Phrase grounding data
*****

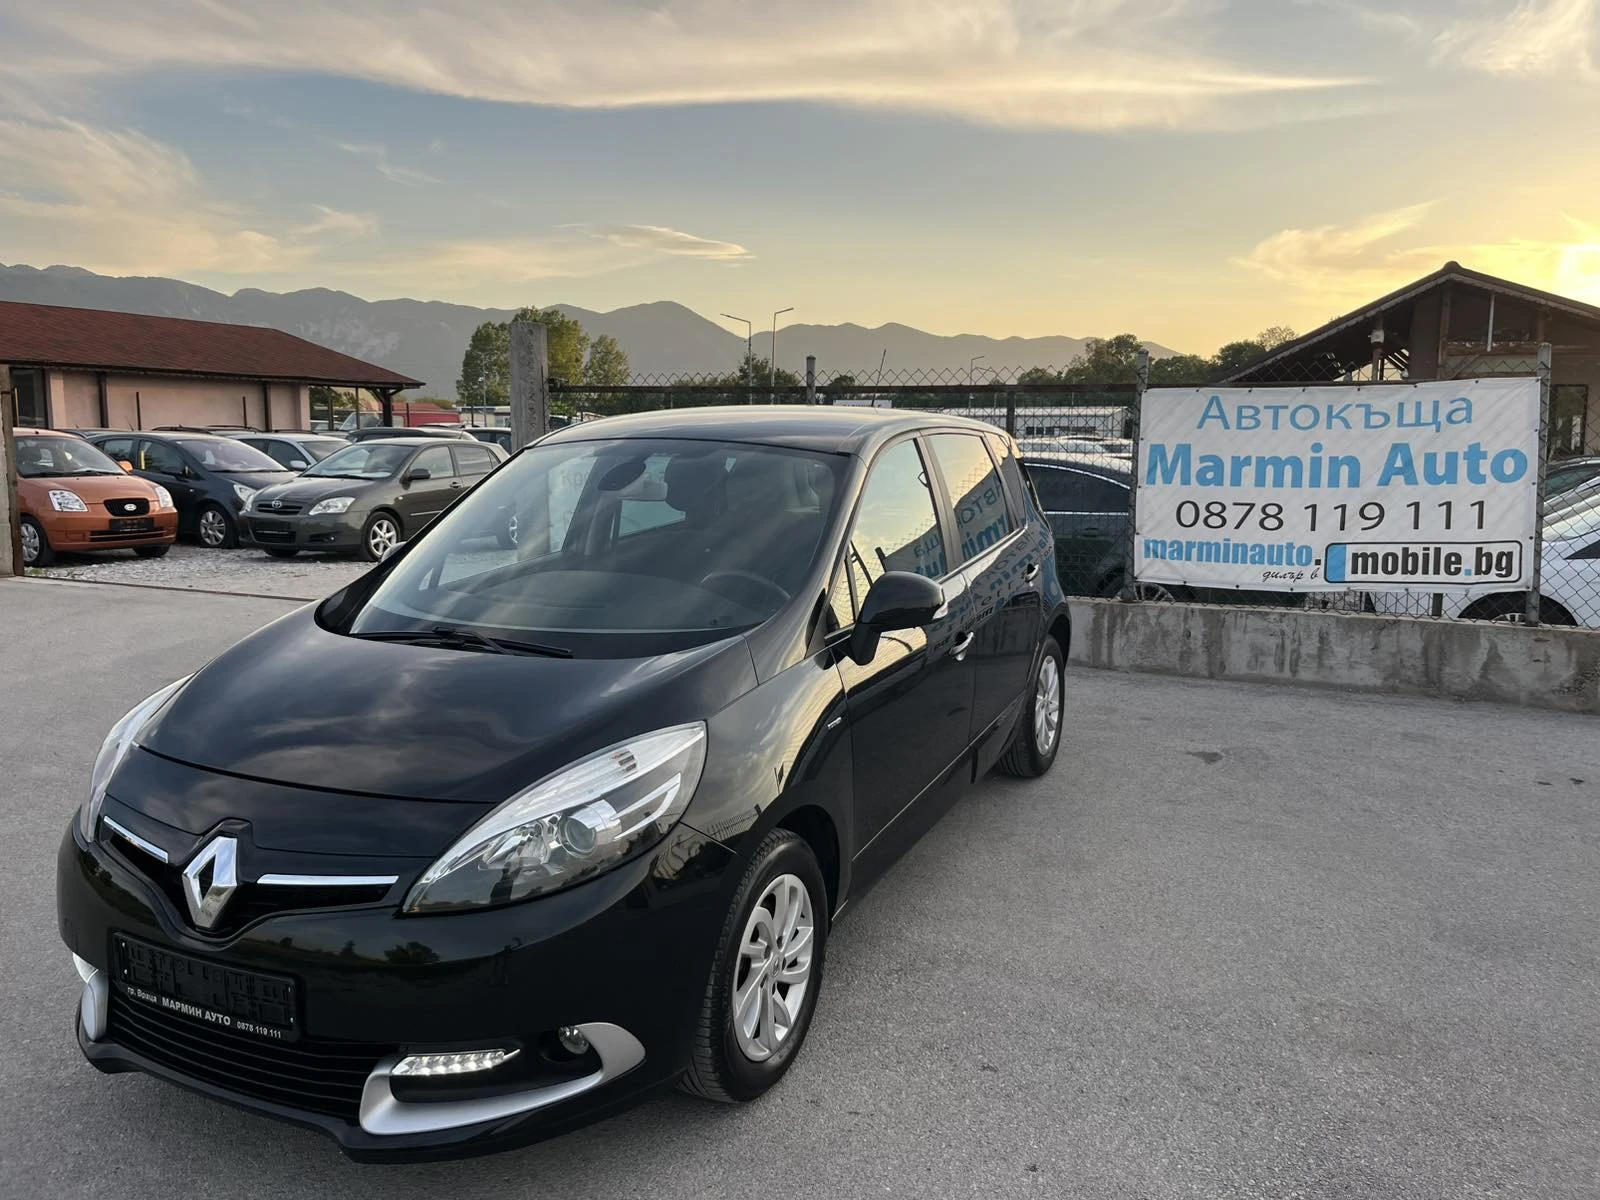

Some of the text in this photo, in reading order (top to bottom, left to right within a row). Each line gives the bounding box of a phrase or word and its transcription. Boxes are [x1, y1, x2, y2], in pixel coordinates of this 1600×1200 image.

[1196, 395, 1473, 433] Автокъща
[1145, 441, 1528, 489] Marmin Auto
[1175, 499, 1486, 532] 0878 119 111
[1350, 546, 1514, 578] mobile.bg
[162, 997, 202, 1018] МАРМИН
[204, 1010, 231, 1025] АУТО
[236, 1021, 254, 1032] 0878
[255, 1026, 268, 1036] 119
[269, 1029, 281, 1039] 111
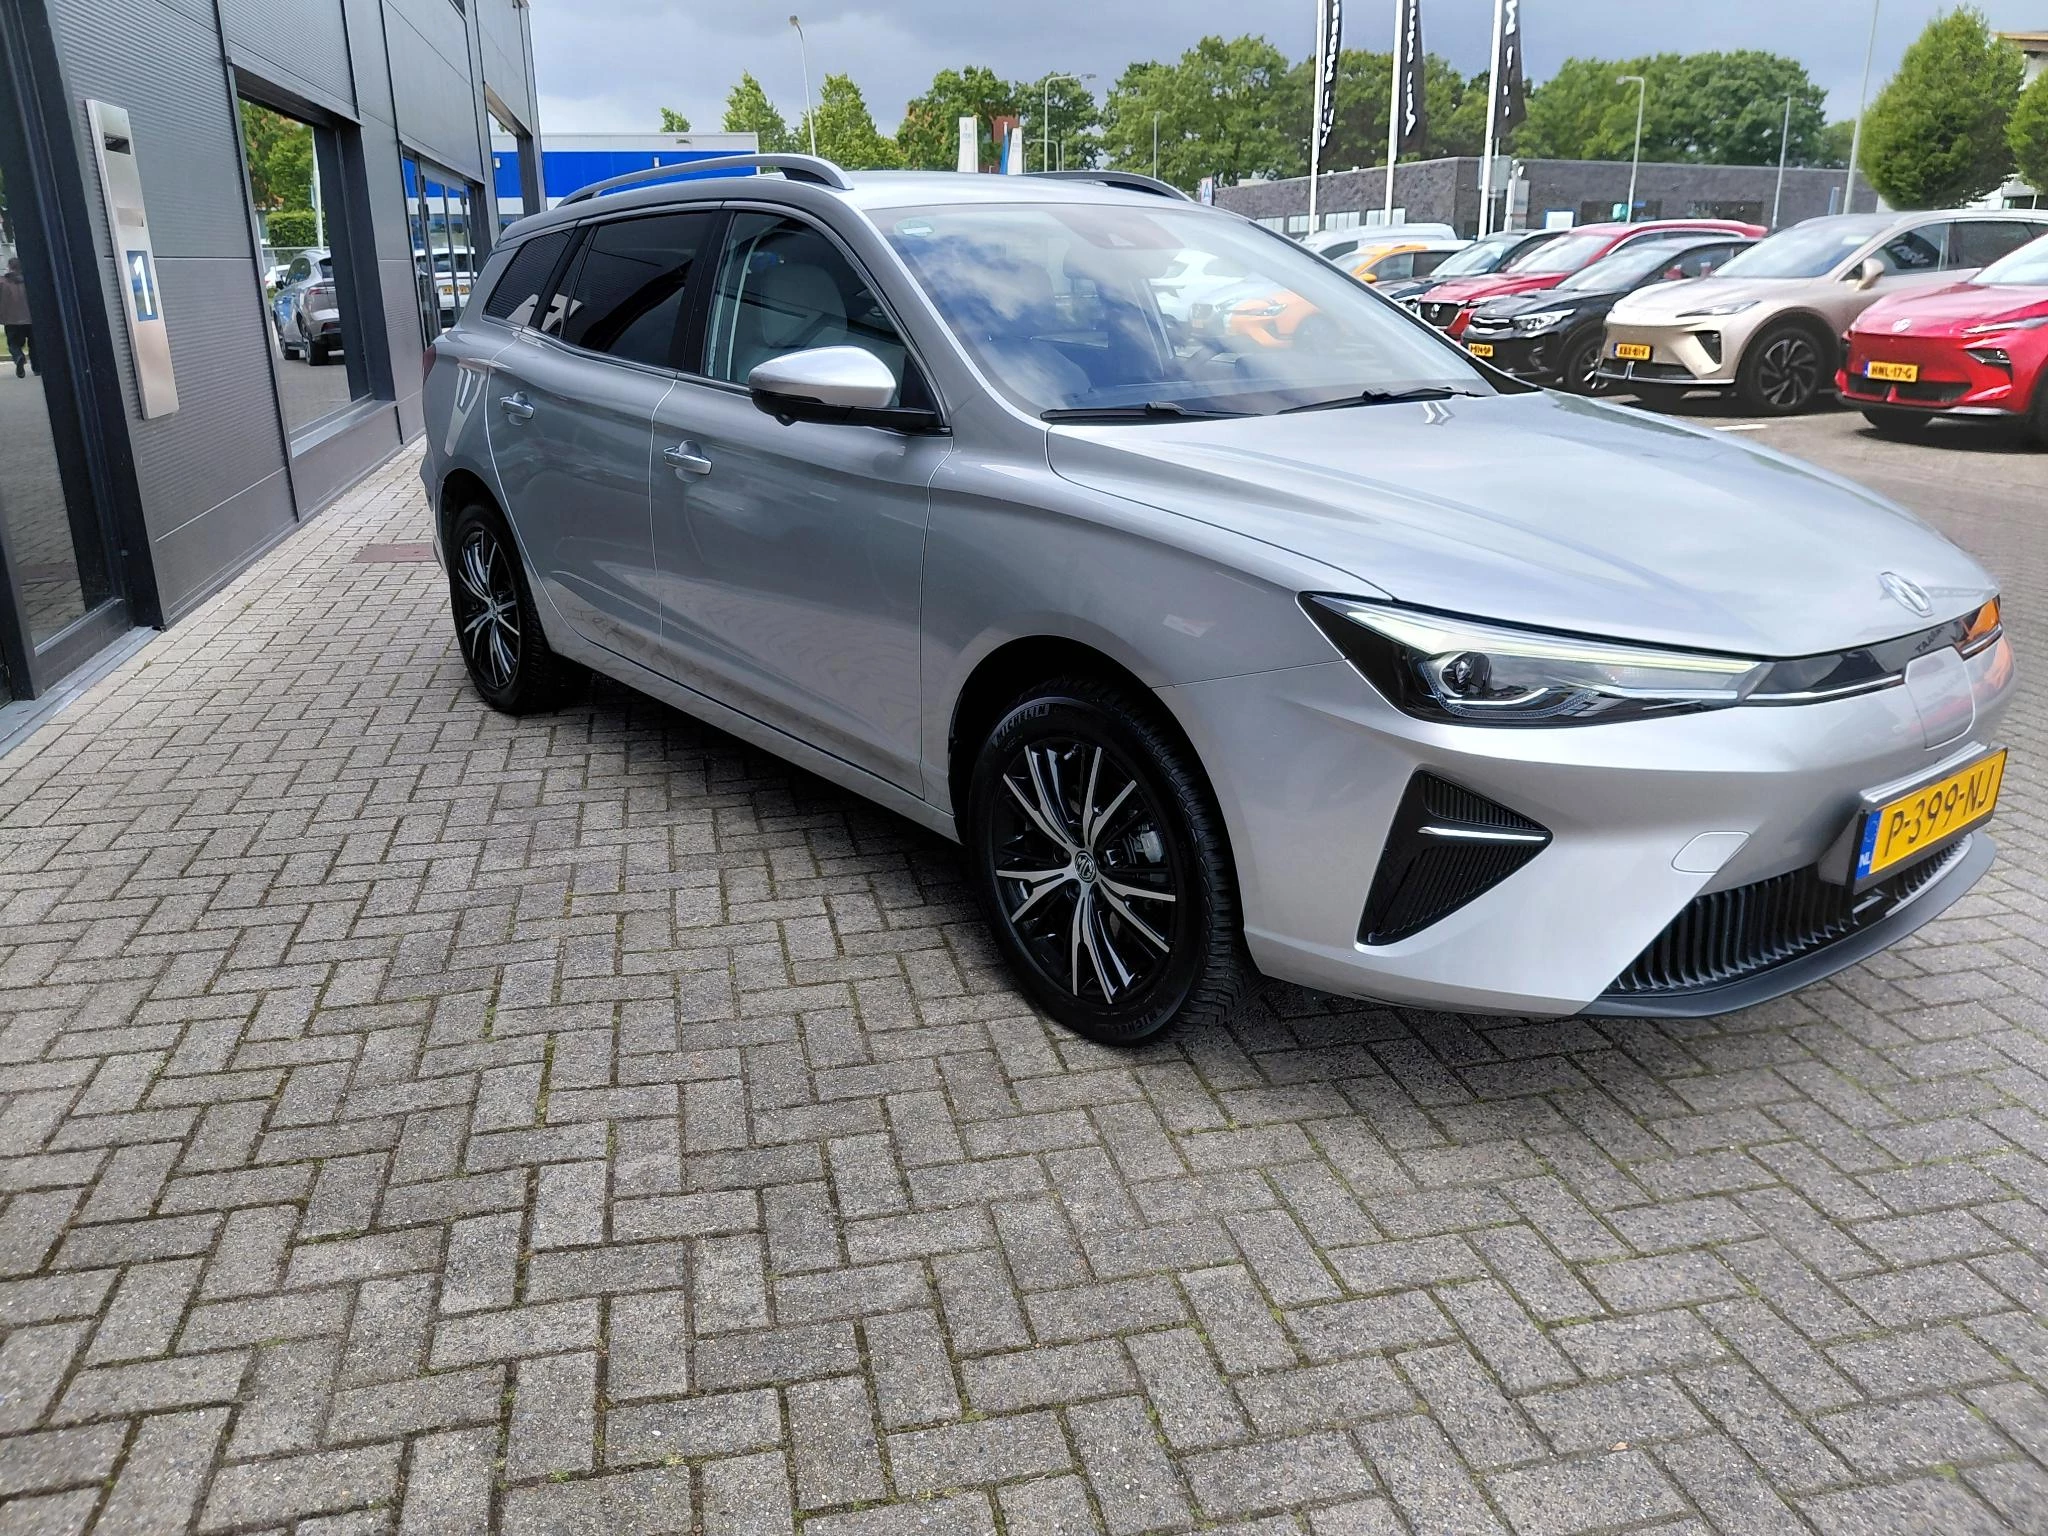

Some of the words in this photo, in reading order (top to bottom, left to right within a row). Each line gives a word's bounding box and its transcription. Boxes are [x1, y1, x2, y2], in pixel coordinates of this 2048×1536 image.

*****

Exercise prompt: Copy the records exactly. Skip the images.

Response for this exercise:
Some of the text in this photo, in reading order (top to bottom, left to right within a row). Each line gives the bounding box of a phrase or word and its transcription. Boxes are [x1, y1, x2, y2], in pixel coordinates of this 1600×1200 image.

[1196, 395, 1473, 433] Автокъща
[1145, 441, 1528, 489] Marmin Auto
[1175, 499, 1486, 532] 0878 119 111
[1350, 546, 1514, 578] mobile.bg
[162, 997, 202, 1018] МАРМИН
[204, 1010, 231, 1025] АУТО
[236, 1021, 254, 1032] 0878
[255, 1026, 268, 1036] 119
[269, 1029, 281, 1039] 111

Some of the words in this photo, in reading order (top to bottom, left to right within a row). Each line gives a word's bounding box and its transcription. Boxes are [x1, y1, x2, y2], in pixel coordinates of this 2048×1536 image.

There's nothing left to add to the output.